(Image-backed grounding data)
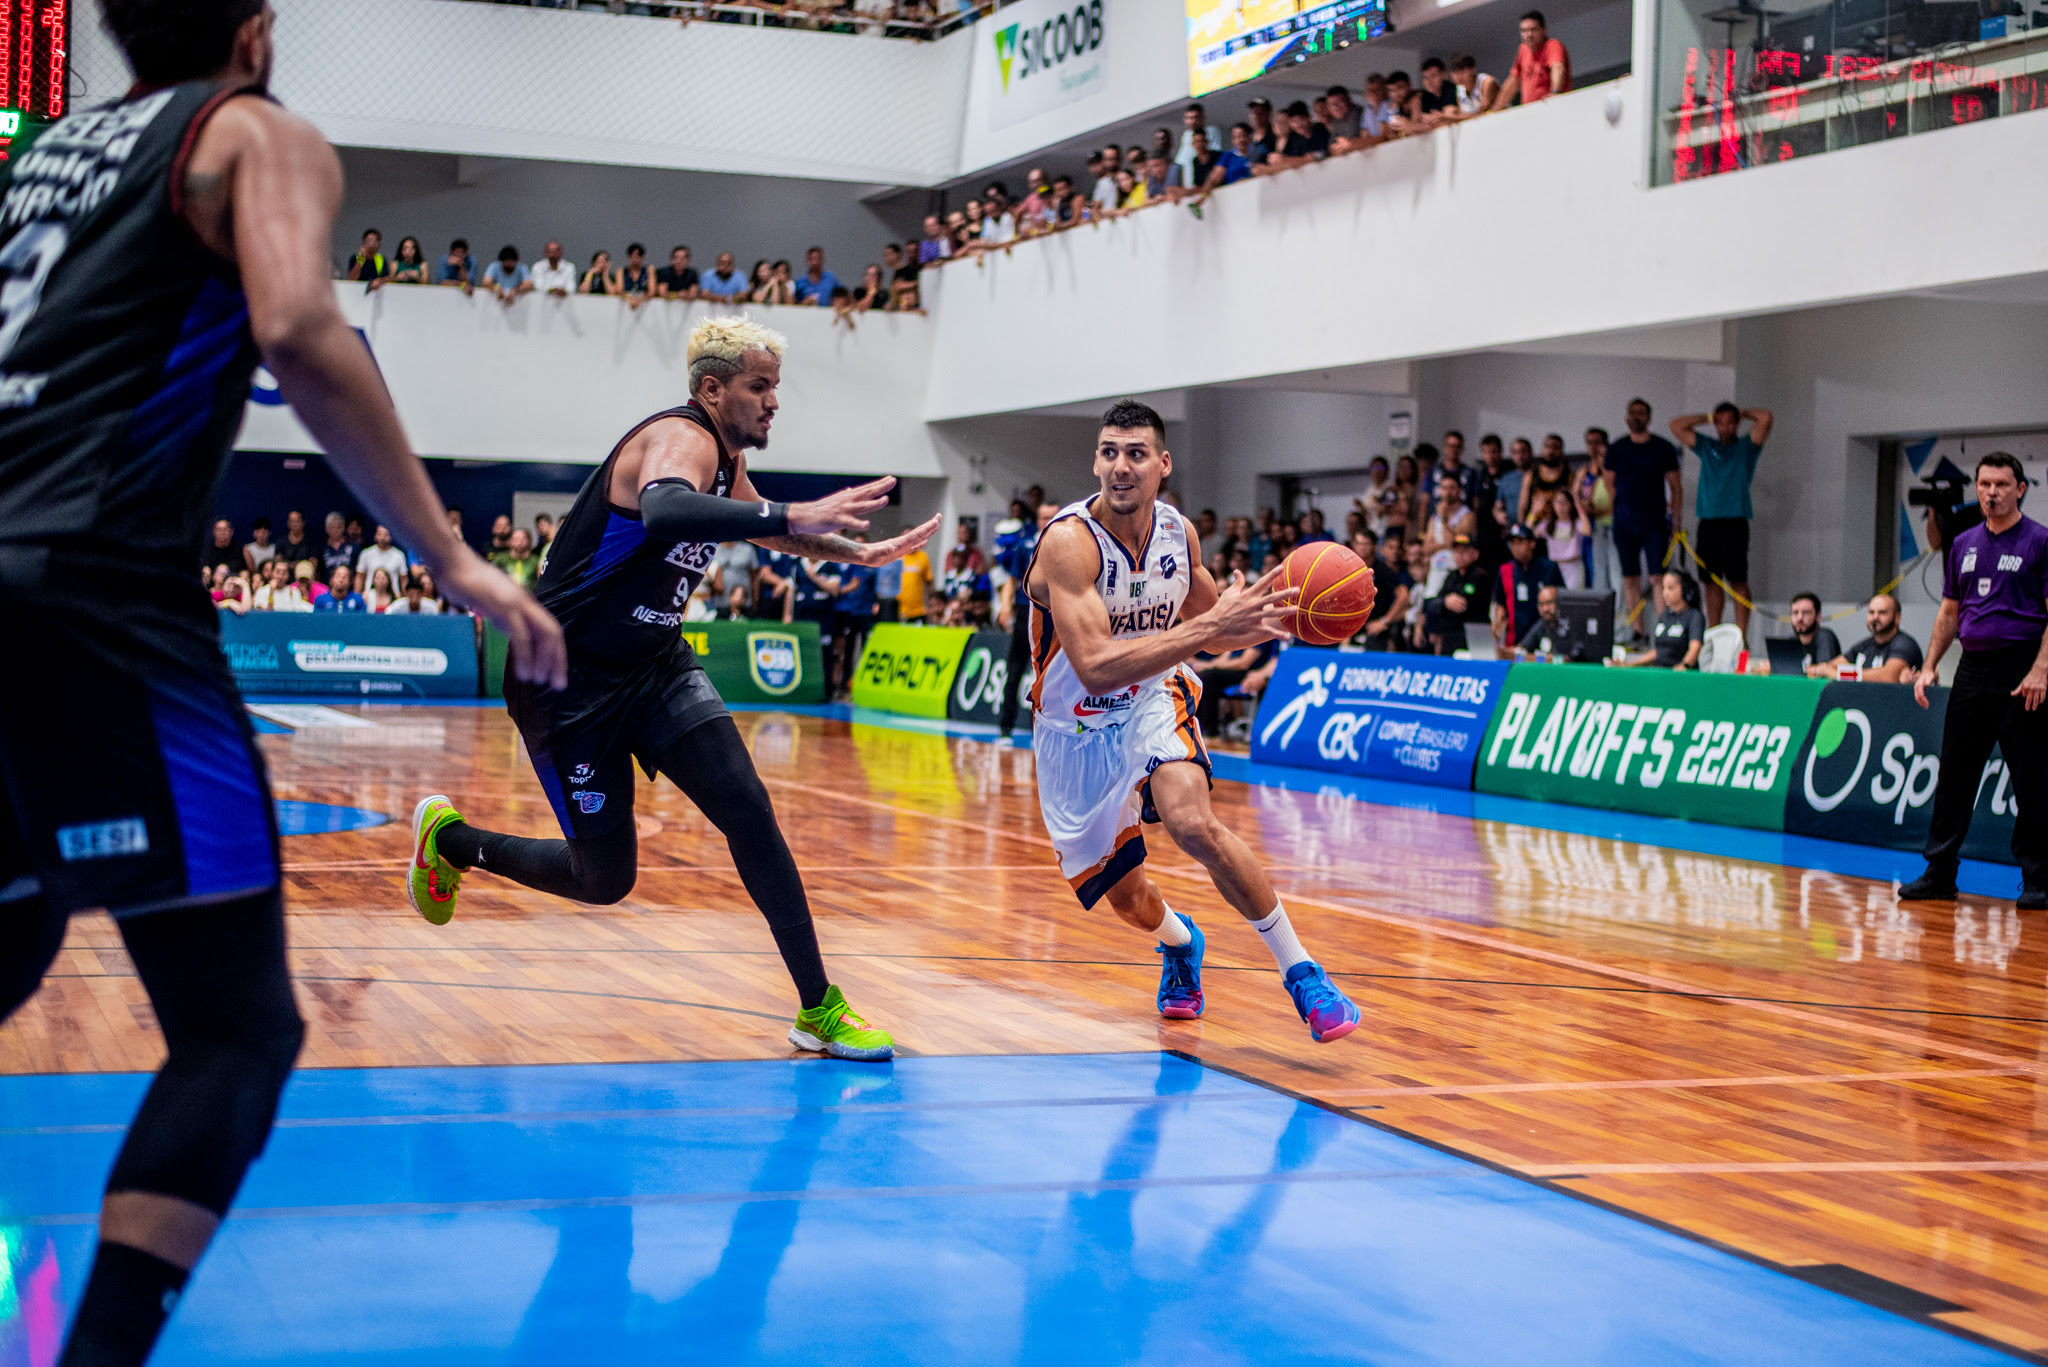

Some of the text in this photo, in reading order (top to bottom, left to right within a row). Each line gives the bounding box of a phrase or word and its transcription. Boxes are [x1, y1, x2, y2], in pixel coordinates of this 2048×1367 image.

[1019, 0, 1102, 79] SICOOB
[673, 576, 691, 608] 9
[860, 650, 951, 692] PENALTY
[1338, 666, 1490, 705] FORMAÇÃO DE ATLETAS
[1378, 719, 1469, 751] COMITÊ BRASILEIRO
[1487, 692, 1791, 791] PLAYOFFS 22/23
[1401, 745, 1441, 772] CLUBES
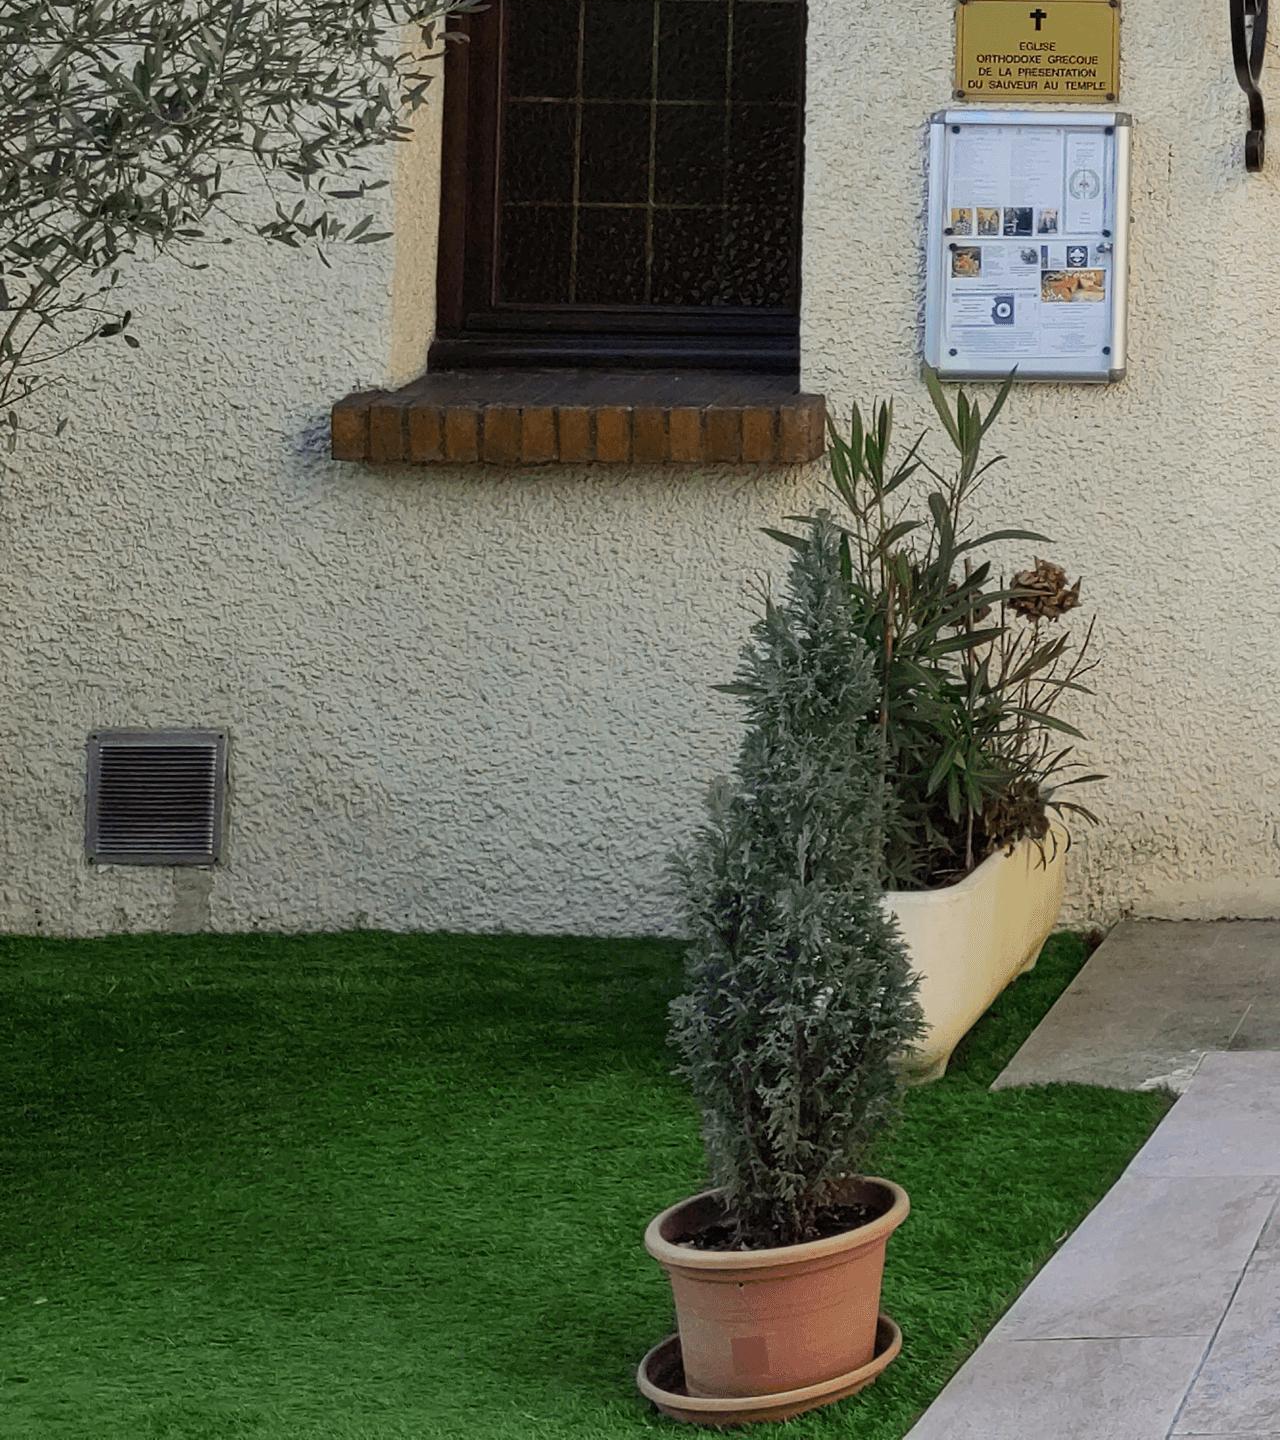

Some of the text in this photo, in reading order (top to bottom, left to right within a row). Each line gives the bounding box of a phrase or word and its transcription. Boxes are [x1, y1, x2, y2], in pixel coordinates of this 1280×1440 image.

What you should do
Output every record exactly, minus the pictures.

Worked solution
Some of the text in this photo, in reading order (top to bottom, left to right within a row). Each line gives the bounding box of a phrase or word and its transcription. Boxes are [x1, y1, x2, y2], in pixel coordinates of this 2048×1367 image.

[1019, 0, 1102, 79] SICOOB
[673, 576, 691, 608] 9
[860, 650, 951, 692] PENALTY
[1338, 666, 1490, 705] FORMAÇÃO DE ATLETAS
[1378, 719, 1469, 751] COMITÊ BRASILEIRO
[1487, 692, 1791, 791] PLAYOFFS 22/23
[1401, 745, 1441, 772] CLUBES

Some of the text in this photo, in reading order (top to bottom, left to right within a row). Each line gives the bounding box of a phrase or word and its transcription. Boxes are [x1, y1, x2, y2], in pixel coordinates of this 1280×1440 image.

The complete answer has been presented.